Notice: The reproducibility variables underlying each score are classified using an automated LLM-based pipeline, validated against a manually labeled dataset. LLM-based classification introduces uncertainty and potential bias; scores should be interpreted as estimates. Full accuracy metrics and methodology are described in [1].

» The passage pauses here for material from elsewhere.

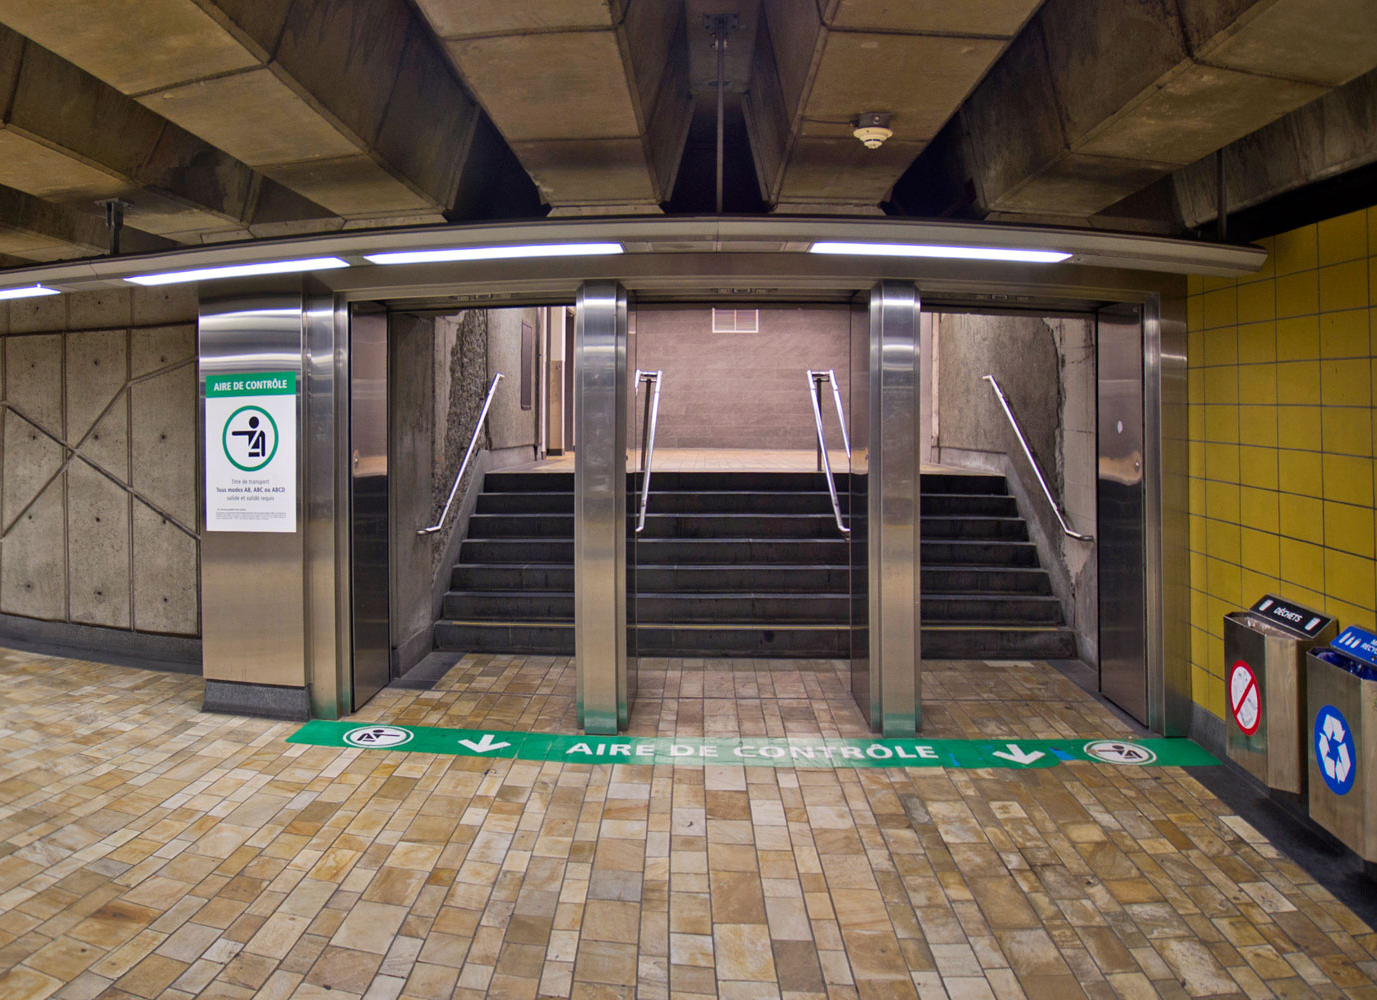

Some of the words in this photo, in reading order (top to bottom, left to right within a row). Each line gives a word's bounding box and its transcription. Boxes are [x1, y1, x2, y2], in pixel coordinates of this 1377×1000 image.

Poplar: Efficient Scaling of Distributed DNN Training on Heterogeneous GPU Clusters
Authors: WenZheng Zhang, Yang Hu, Jing Shi, Xiaoying Bai
AAAI 2025 | Venue PDF | LLM Run Details
| Reproducibility Variable | Result | LLM Response |
|---|---|---|
| Research Type | Experimental | Extensive experiments on three heterogeneous clusters, comprising six different types of GPUs, demonstrate that Poplar achieves a training throughput improvement of 1.02 3.92x over current state-of-the-art heterogeneous training systems. |
| Researcher Affiliation | Academia | 1School of Computer Science, Peking University 2Center for Information Research, Academy of Military Sciences 3Advanced Institute of Big Data EMAIL, EMAIL, EMAIL, EMAIL |
| Pseudocode | Yes | Algorithm 1: Heterogeneity Aware of each GPU |
| Open Source Code | No | We will publish all source codes of this work on Github for further research explorations. |
| Open Datasets | Yes | All experiments are evaluated on wikitext2-v1 dataset(Merity et al. 2016). |
| Dataset Splits | No | All experiments are evaluated on wikitext2-v1 dataset(Merity et al. 2016). |
| Hardware Specification | Yes | Our experiments are conducted on three heterogeneous GPU clusters, each cluster contains two types of GPUs, as shown in Table 1. ... A100 80GB A100 40GB ... V100 16GB T4 16GB ... A800 80GB V100S 32GB |
| Software Dependencies | No | We have implemented our work on Py Torch with around 2000+ lines of code. |
| Experiment Setup | Yes | We maintain a global batch size of 2 million tokens throughout our experiments. |